The iPXE error messages and the access log entries seem to indicate that the machine is not able to get the instance ID metadata from the MAAS server, which is a necessary step for the machine to identify itself to the MAAS server. This suggests that there may be a network configuration issue that’s preventing the machine from reaching the MAAS server, or that the MAAS server is not correctly configured to respond to these requests.

One possibility could be that your DHCP server is not correctly set up to provide the necessary boot options for MAAS. For MAAS to work with an external DHCP server, the DHCP server needs to be configured with specific boot options that tell the machines where to get their PXE boot images and metadata. The MAAS documentation provides more information about PXE and DHCP for MAAS.

Regarding the IPv6 addresses, MAAS can work with both IPv4 and IPv6, but if you’re not providing IPv6 addresses through your external DHCP, this shouldn’t be an issue.

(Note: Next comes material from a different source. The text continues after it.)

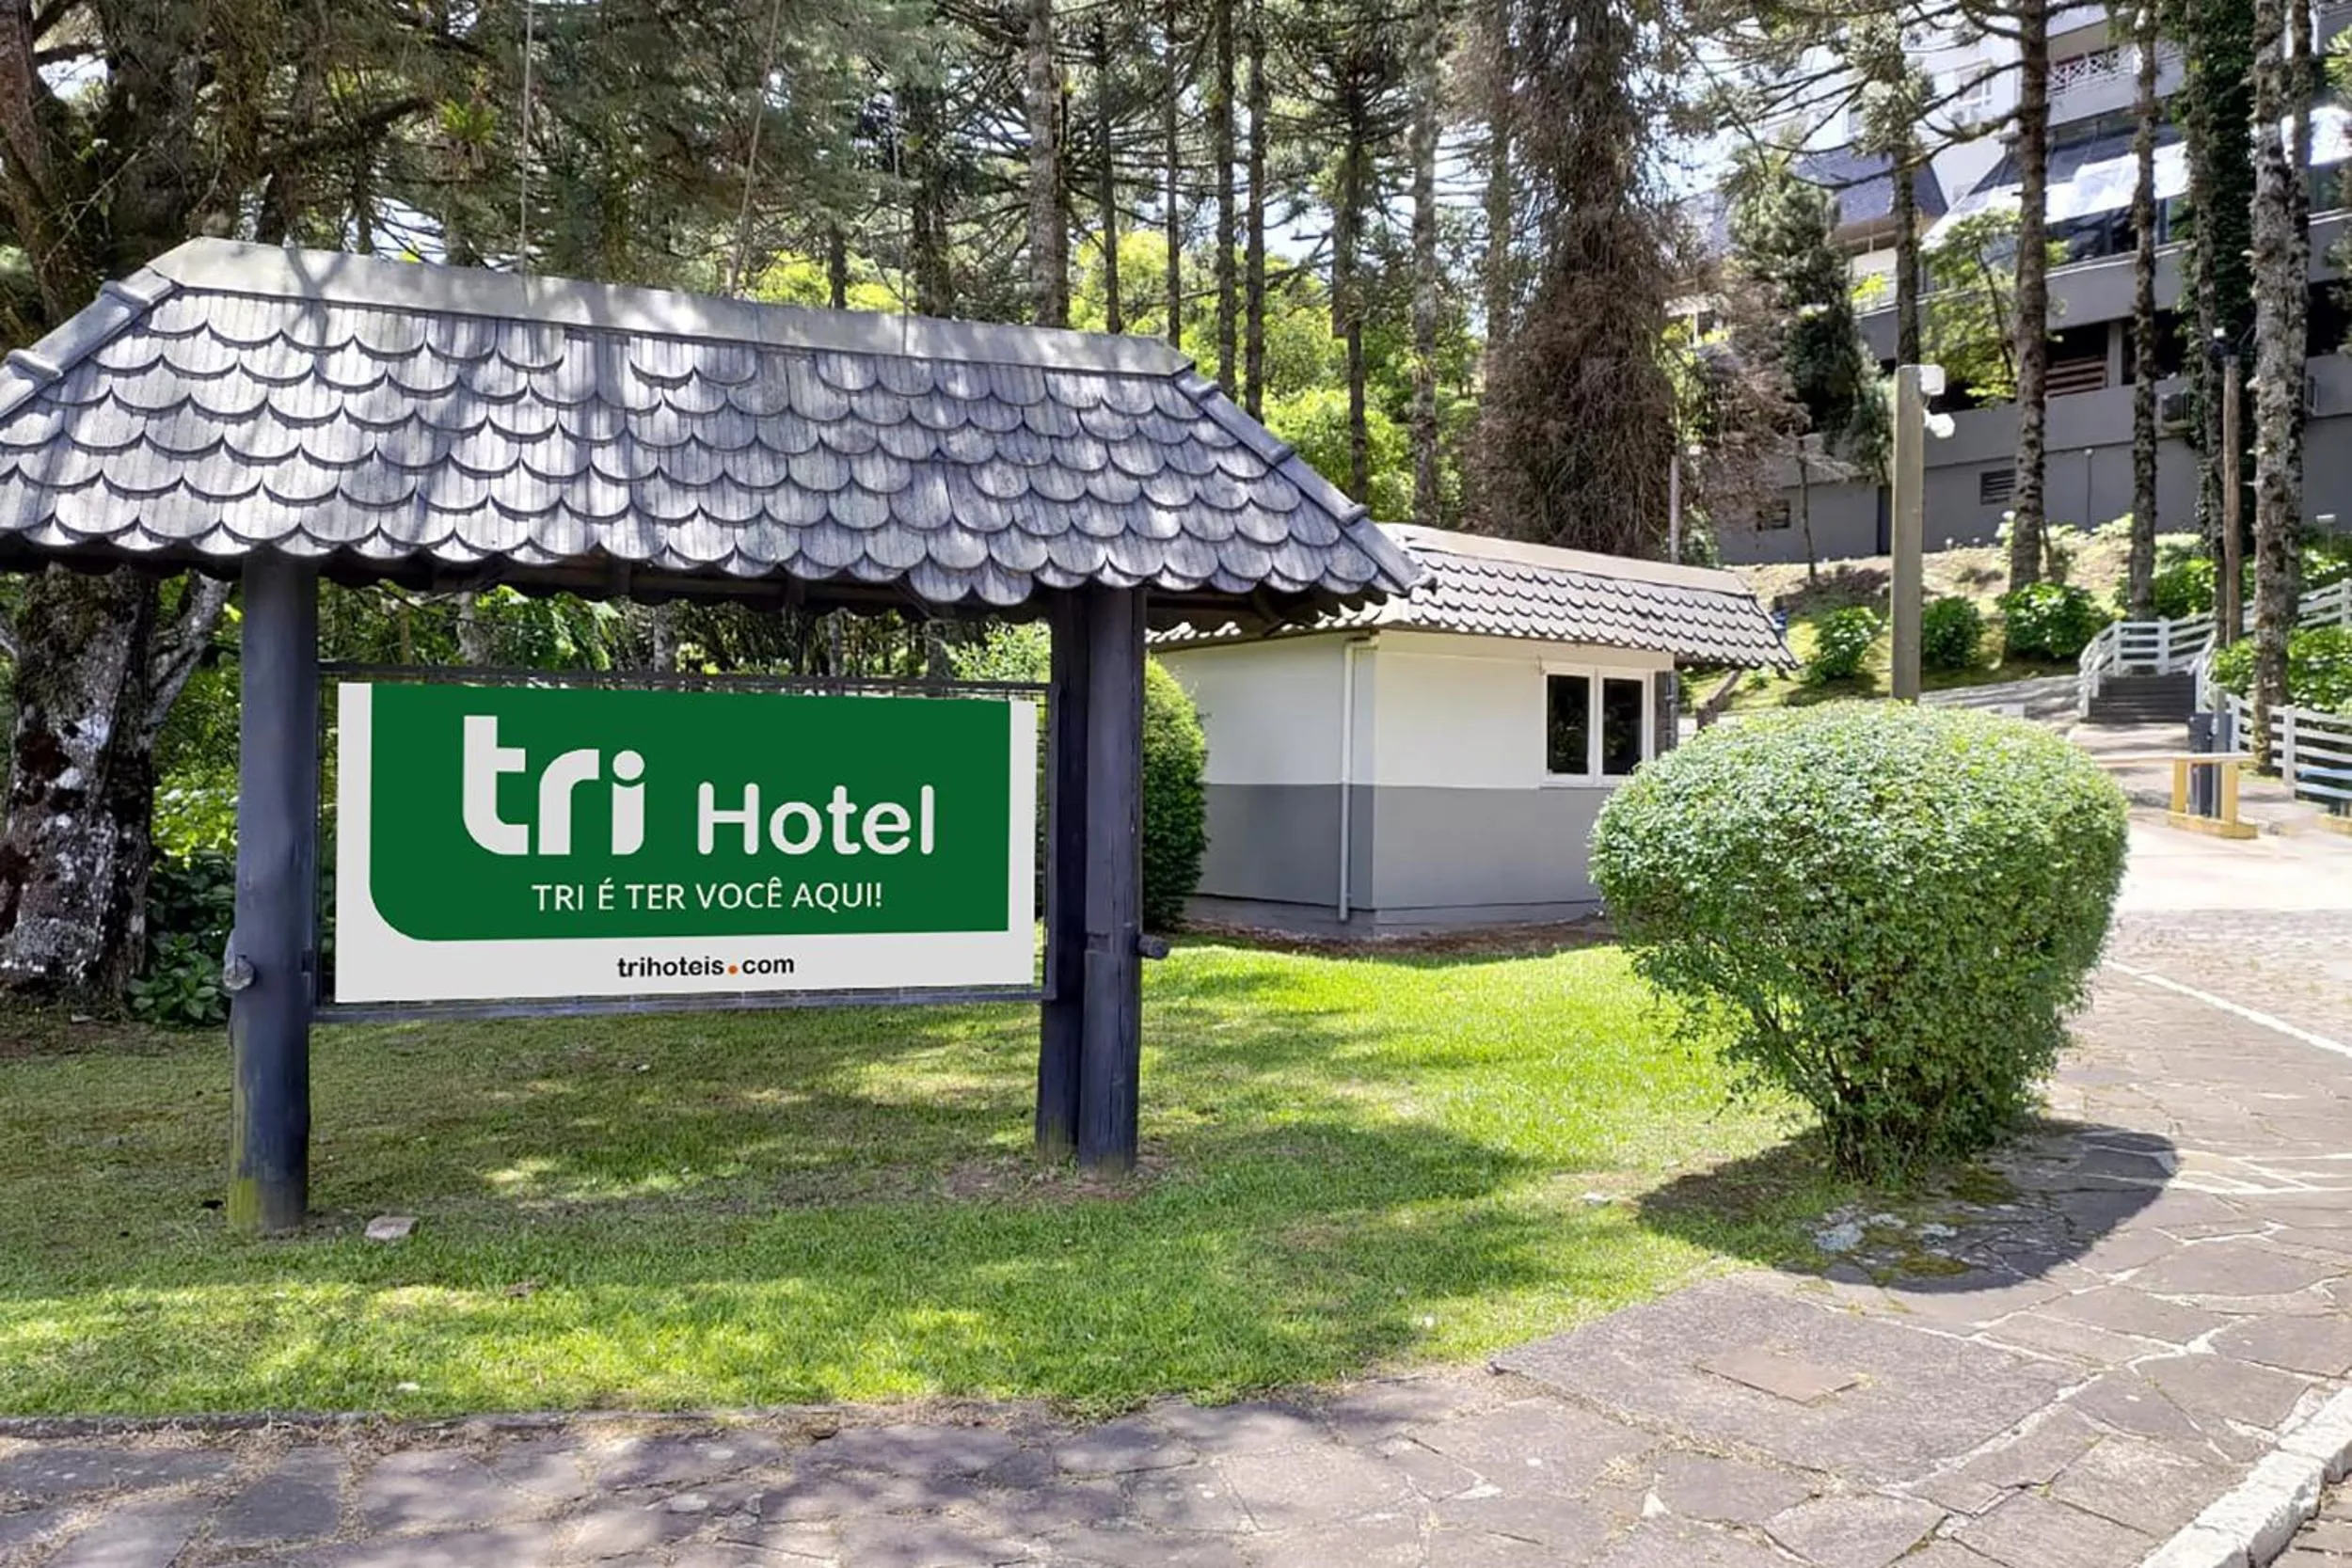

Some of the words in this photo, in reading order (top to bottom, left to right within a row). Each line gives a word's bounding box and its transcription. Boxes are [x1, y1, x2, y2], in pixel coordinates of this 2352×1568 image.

If none of the above helps, I’d recommend you look for DEBUG events in the MAAS logs to see if you can sort out what’s wrong.

Finally, remember that while it’s technically possible to use an external DHCP server with MAAS, the recommended and supported configuration is for MAAS to manage DHCP, because this ensures that all the necessary network services are correctly configured. If you continue to have issues with your existing DHCP server, you may want to consider switching to MAAS DHCP management.

Thanks Bill, I’ll review the dhcpd.conf file that MAAS uses and see if I can work something out.

Hey @bmcnally-uw, did you make any progress on this?

No, as I said in the other thread here:

I haven’t worked on it recently, but I will some time soon.

Hello @bmcnally-uw
I am wondering if thats the same issue as in Cloud-init fails to fetch MAAS datasource from metadata_url missing port

If thats the same in your case, then thats indeed a bug and we are already working on a fix.
You can track the progress at https://bugs.launchpad.net/maas/+bug/2022926

Thanks Anton! That does indeed look it could be the same problem I was seeing. Should I be watching the milestones pages for an expected release date to know when those fixes might end up in the production branch of 3.3.x or 3.4.x? At the moment I’m running 3.3.4-13189-g.f88272d1e.